Development continued without any showstoppers, although the cost rose to $722 million.
Then,
in August 2004, the Department of Energy informed the New Horizons team
that it could not provide the plutonium power source. At the far
reaches of the solar system, the sun is too dim for a spacecraft to rely
on solar panels or batteries. Instead, a chunk of radioactive plutonium
generates heat that is converted to electricity.
Security
lapses and safety issues at the Los Alamos National Laboratory in New
Mexico had shut down the production of plutonium dioxide pellets for New
Horizons’ power generator. Not enough had been made to provide the 220
watts called for in the design.
“We said, ‘How much power could you deliver?’ ” Mr. Fountain said. The reply: 180 watts.
Because
of design decisions like the digital radio receiver, Mr. Fountain
thought the reduced power would be sufficient. In the end, the
Department of Energy was able to build a power generator that put out
200 watts during the flyby.
New Horizons launched on top of an Atlas 5 rocket on Jan. 19, 2006, making the fastest-ever trip out of Earth’s neighborhood.
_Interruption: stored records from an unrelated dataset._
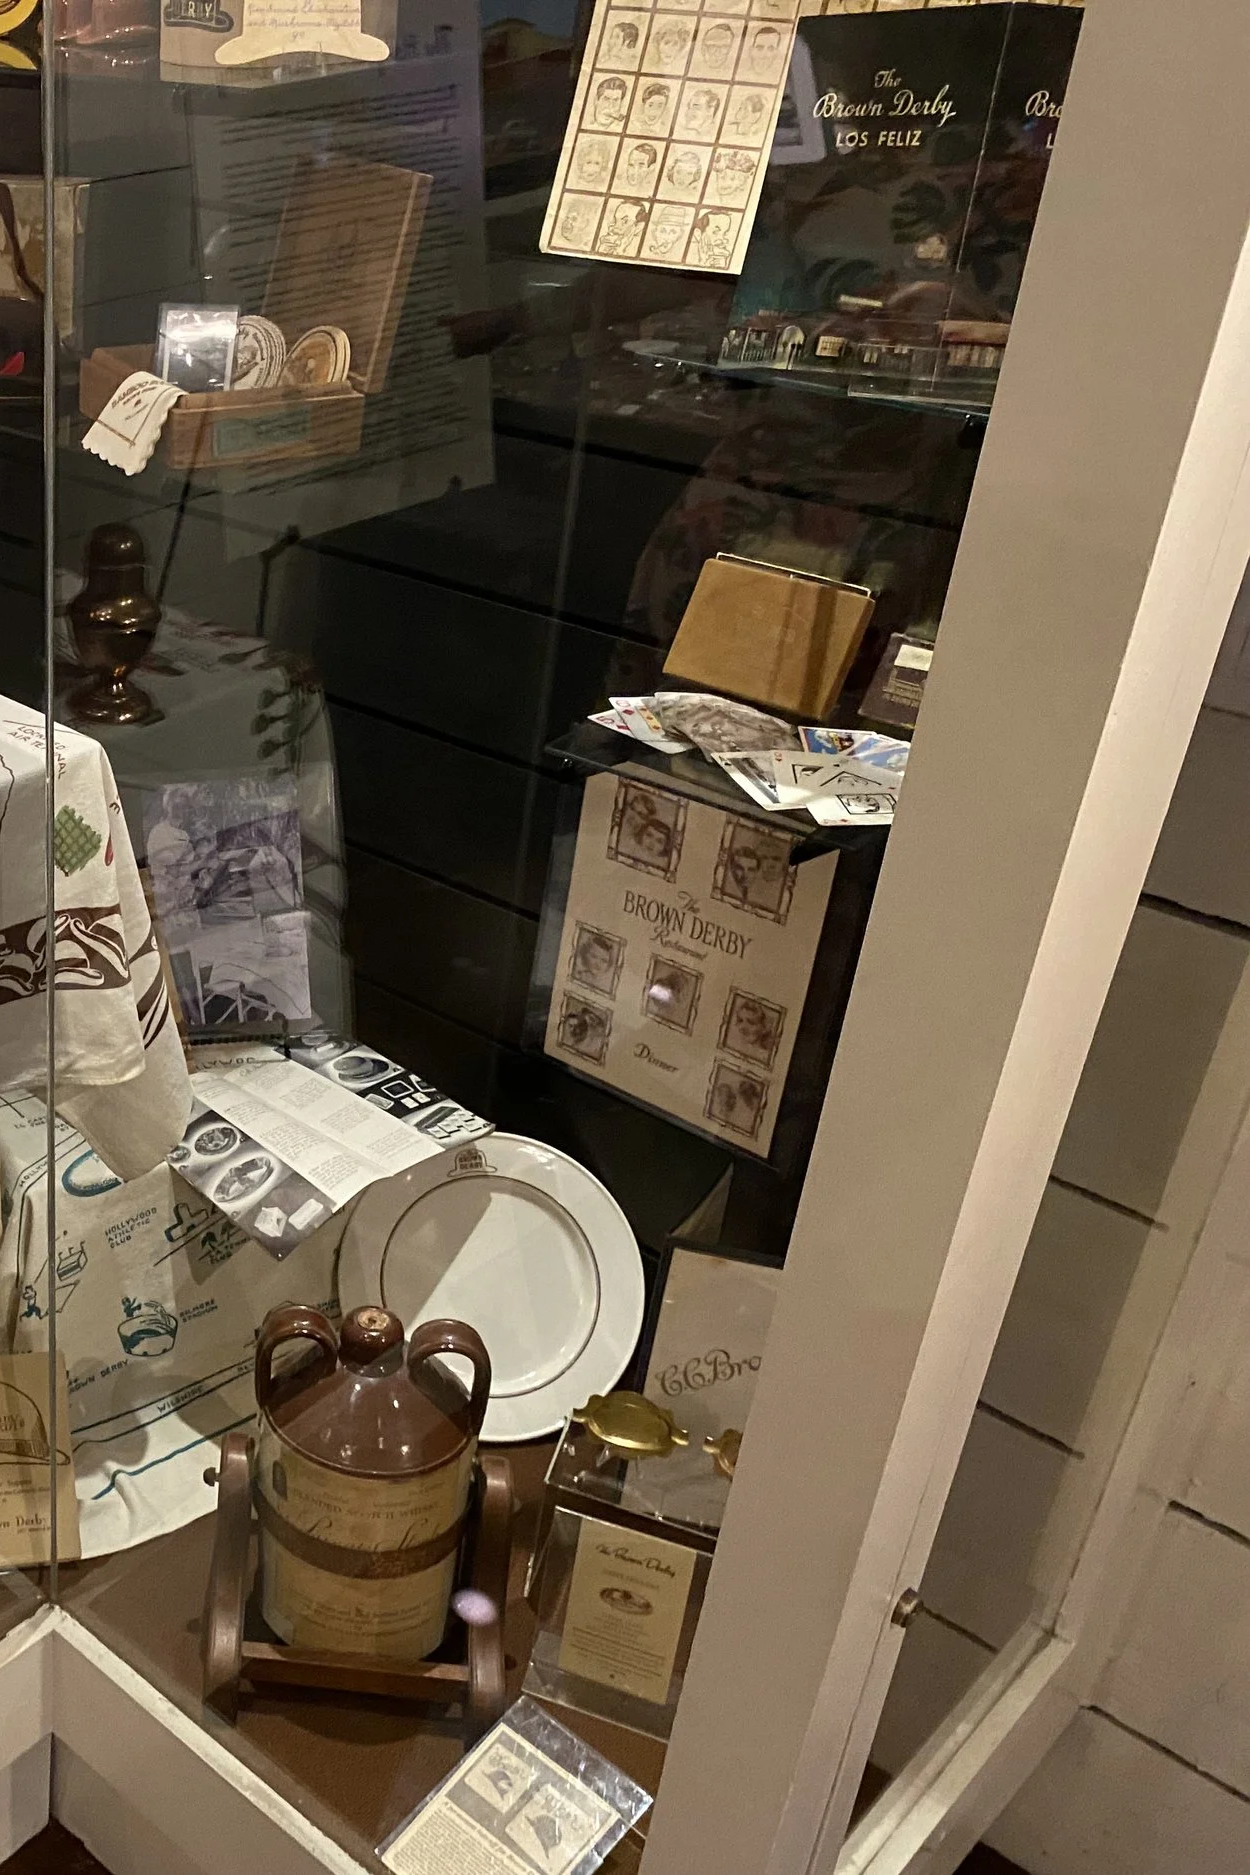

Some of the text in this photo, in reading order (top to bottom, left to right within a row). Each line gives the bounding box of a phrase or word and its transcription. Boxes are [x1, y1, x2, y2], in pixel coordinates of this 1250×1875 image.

[874, 68, 901, 88] The
[813, 84, 957, 128] Brown Derby
[835, 130, 922, 148] LOS FELIZ
[7, 731, 29, 743] AIR
[677, 890, 701, 914] The
[623, 890, 753, 960] BROWN DERBY
[633, 1042, 679, 1074] Dinner
[104, 1206, 158, 1236] HOLLYWOOD
[109, 1235, 133, 1250] CLUB
[67, 1358, 130, 1394] ROWN DERBY
[156, 1384, 204, 1414] WILSHIRE
Thirteen months later, the craft was at Jupiter
already, and the mission team put its instruments to the test. New
Horizons captured time lapse pictures of a volcanic eruption on Io, one
of Jupiter’s four big moons.
Just
after the Jupiter flyby, New Horizons suffered its first computer
glitch. For spacecraft outside Earth’s protective atmosphere,
high-energy cosmic rays occasionally zip through computer memory,
causing a crash and restart. Calculations indicated that there would be
one such crash during the nine-and-a-half-year trip to Pluto.
Instead, they occurred almost once a year. But none caused lasting damage, and they proved good learning experiences.
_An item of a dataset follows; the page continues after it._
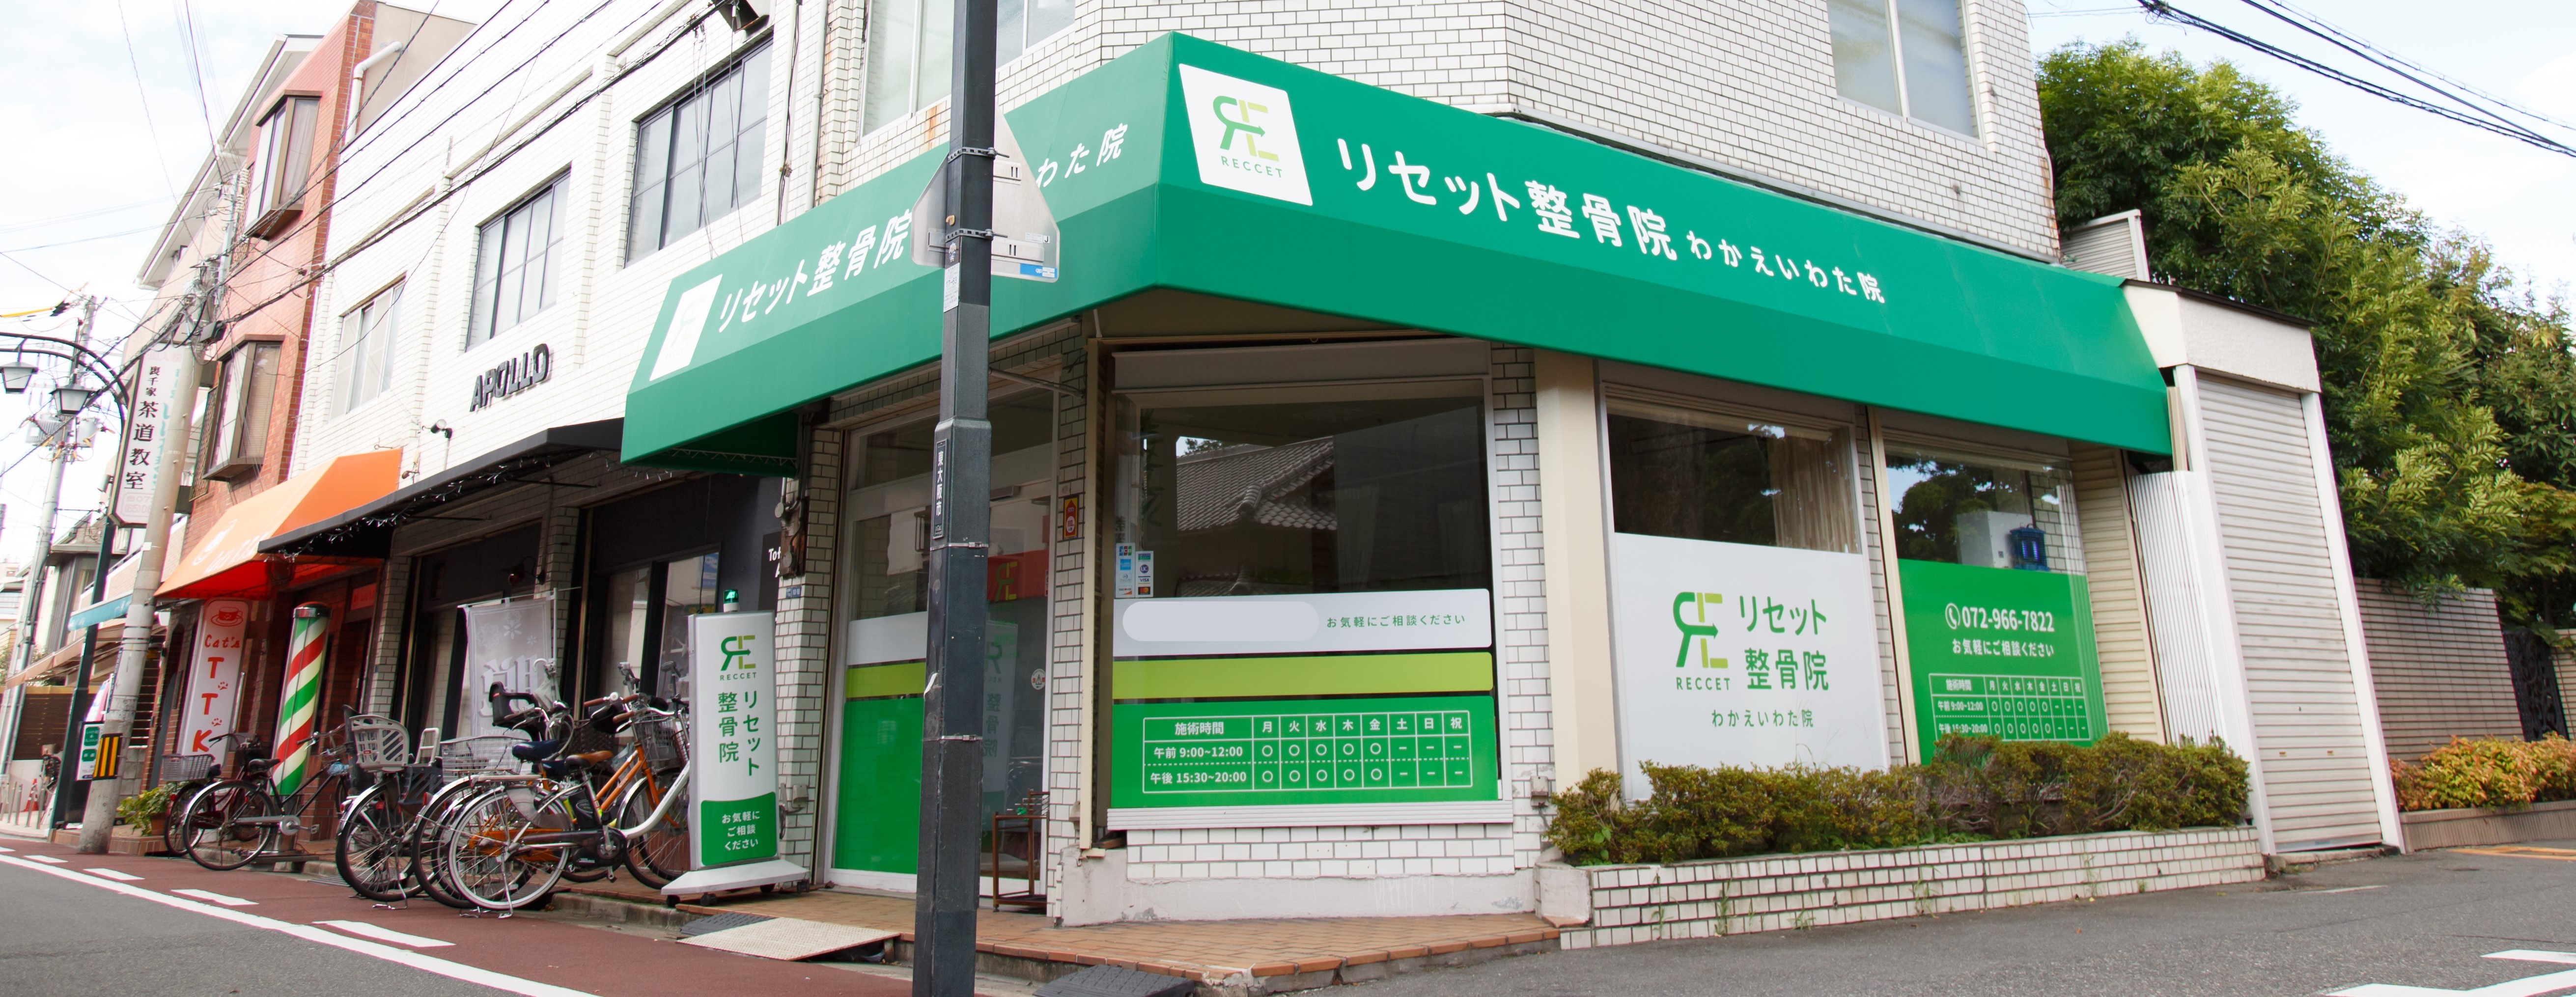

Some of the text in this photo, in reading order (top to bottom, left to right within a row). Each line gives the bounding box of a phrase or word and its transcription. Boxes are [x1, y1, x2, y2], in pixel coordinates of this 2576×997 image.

“It was just eventful enough to keep us alert,” said Christopher Hersman, the missions systems engineer. “It actually helped.”
The
rest of the long cruise was mostly uneventful. Flinging a spacecraft to
a rendezvous at the edge of the solar system is indeed rocket science,
but not groundbreaking rocket science. The equations — the basic laws of
Isaac Newton — are the same ones that were used decades ago.
Still,
the engineers were careful with their calculations — tiny errors can
grow calamitous — and periodic checkups made sure everything was working
smoothly on the spacecraft.
Then,
on July 4, 10 days before the Pluto flyby, the spacecraft suddenly fell
silent. Alice Bowman, the mission operations manager, said years of
experience had given her a sense when a problem might be the fault of
the receiving stations and when it might be a problem with a spacecraft.
“I pretty much knew it was something on the spacecraft,” she said.
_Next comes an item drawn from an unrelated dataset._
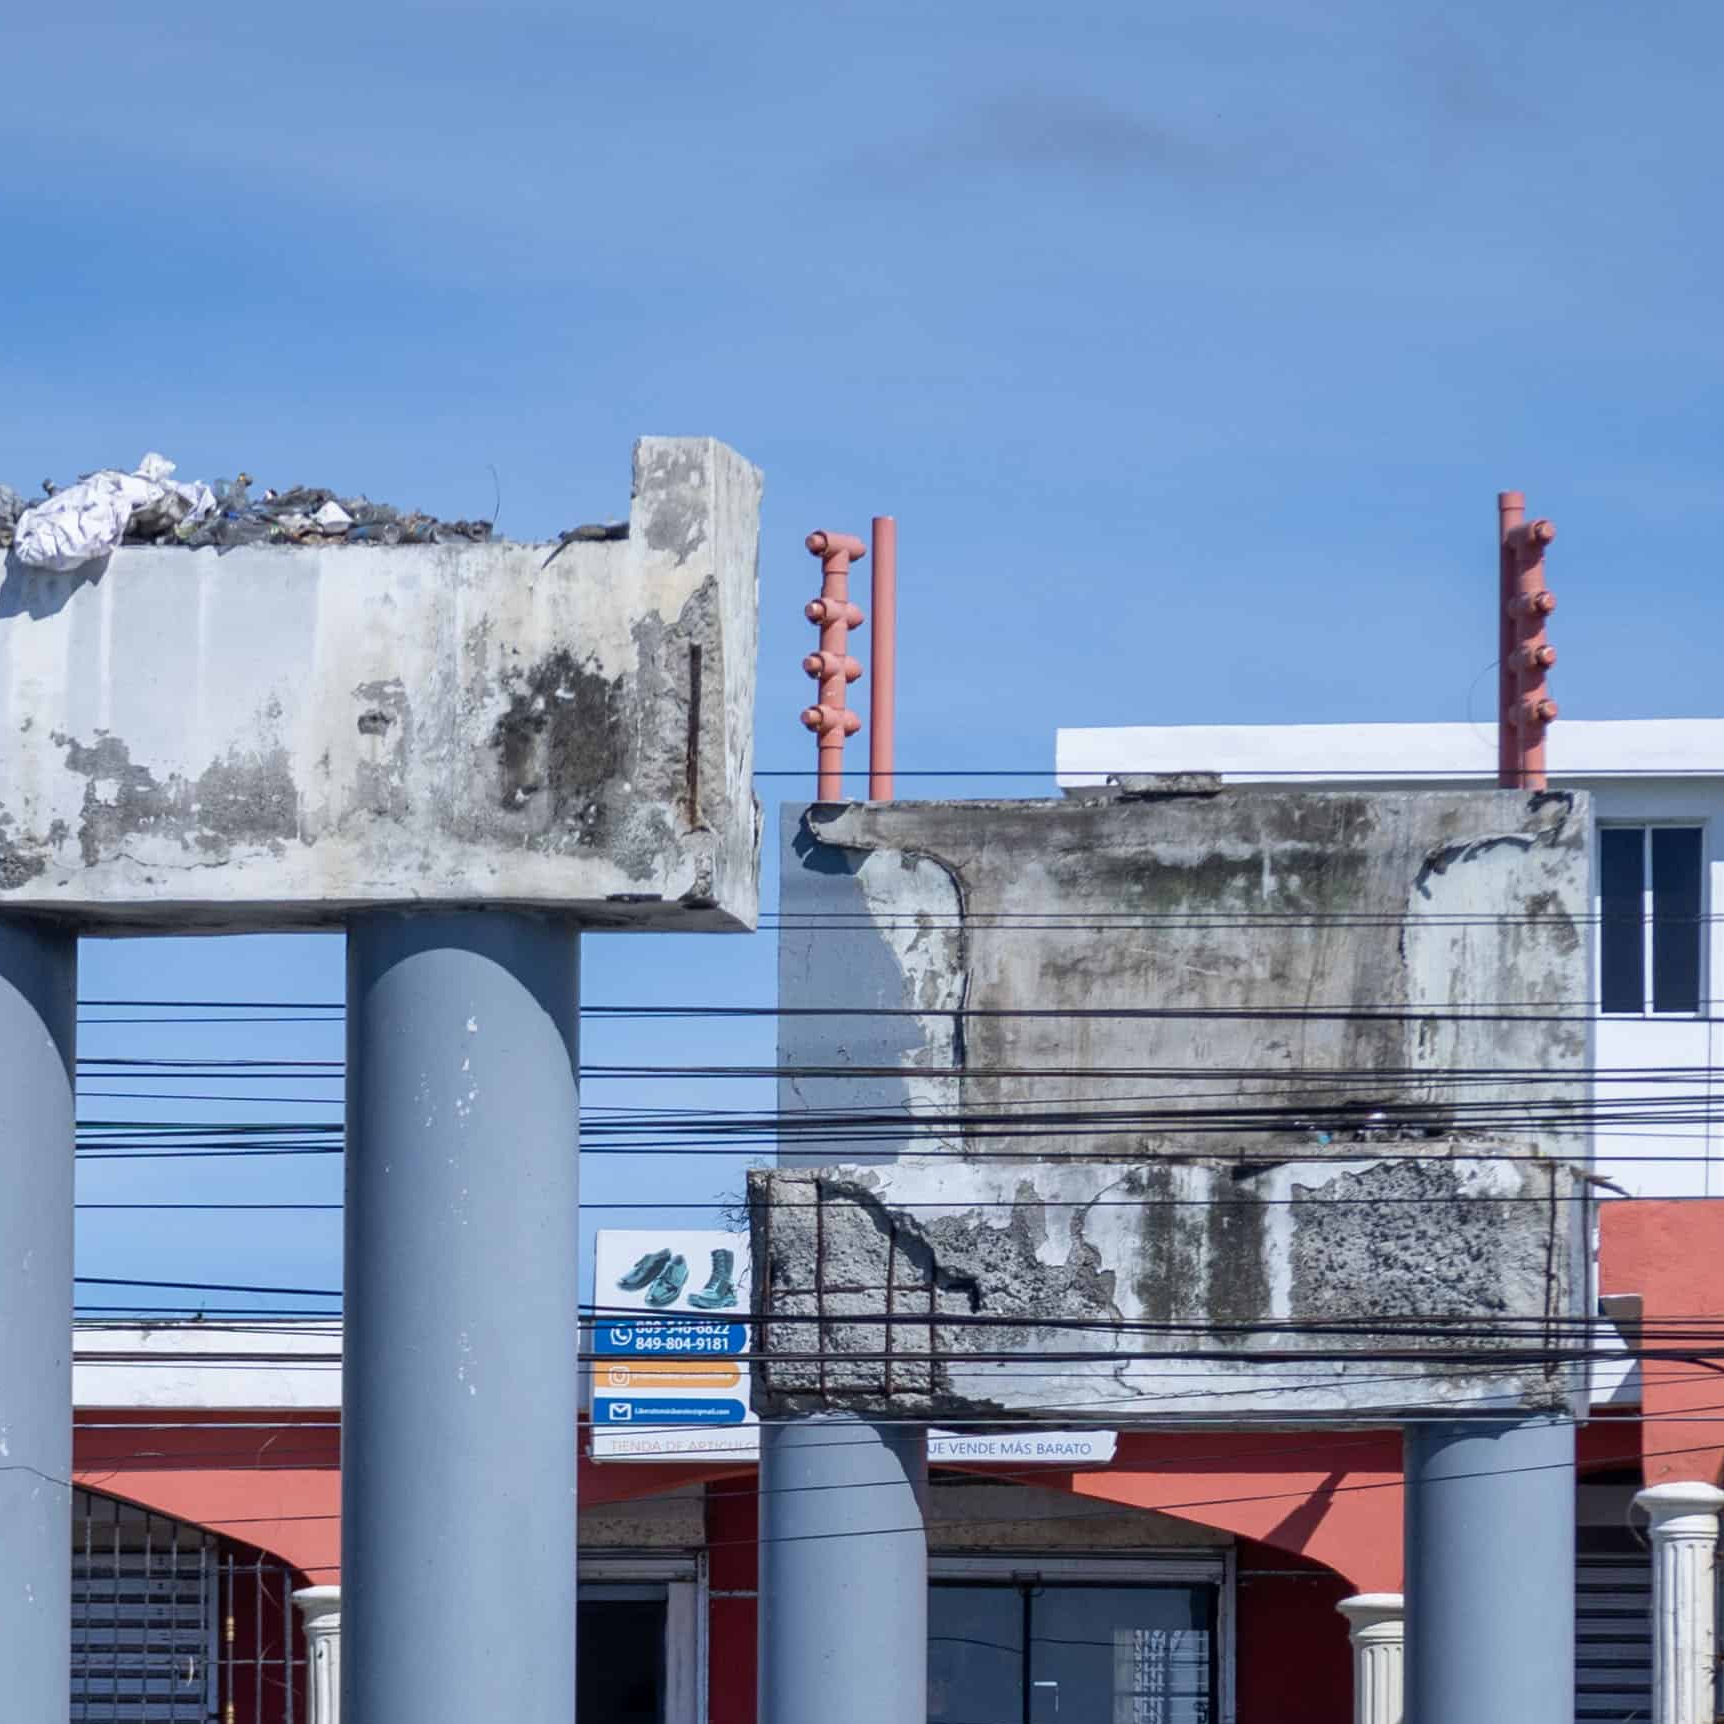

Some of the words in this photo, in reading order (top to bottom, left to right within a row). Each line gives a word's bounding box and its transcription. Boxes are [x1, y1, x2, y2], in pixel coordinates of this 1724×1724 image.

She called Mr. Hersman. “Where are you?” she said, summoning him urgently to the missions operations center.
After
an Independence Day barbecue with neighbors, Mr. Hersman was already on
the way to the office anyway. “Going in, I was thinking, ‘Remain calm,’
” Mr. Hersman recalled.
Ms. Bowman called Mr. Fountain. He, too, headed in.
Thoughts
of the worst popped into his mind: “Could we have been so extremely
unlucky that we hit something?” Even debris the size of a grain of rice
could destroy a delicate craft moving so fast.
But
it turned out the spacecraft’s computer had overloaded trying to do two
things at once — receive instructions for the flyby while compressing
images in its memory banks. By design, the main computer entered what
engineers call “safe” mode to avoid damage to the spacecraft, and the
backup computer kicked in.
An
hour and a half later, the ground stations detected the signal from the
backup computer. “Then I knew we could do it,” Ms. Bowman said. “The
question was, could we do it in time?”
A
nine-day sequence of commands to guide New Horizons through the flyby
was set to begin on July 7. Ms. Bowman spent two nights at the office,
taking only short naps. “You would be amazed how much that can do,” she
said. “I can’t say I slept.”
With
hours to spare, the craft was back in operation. Then the flyby
directions kicked in, and New Horizons did everything it was told to do.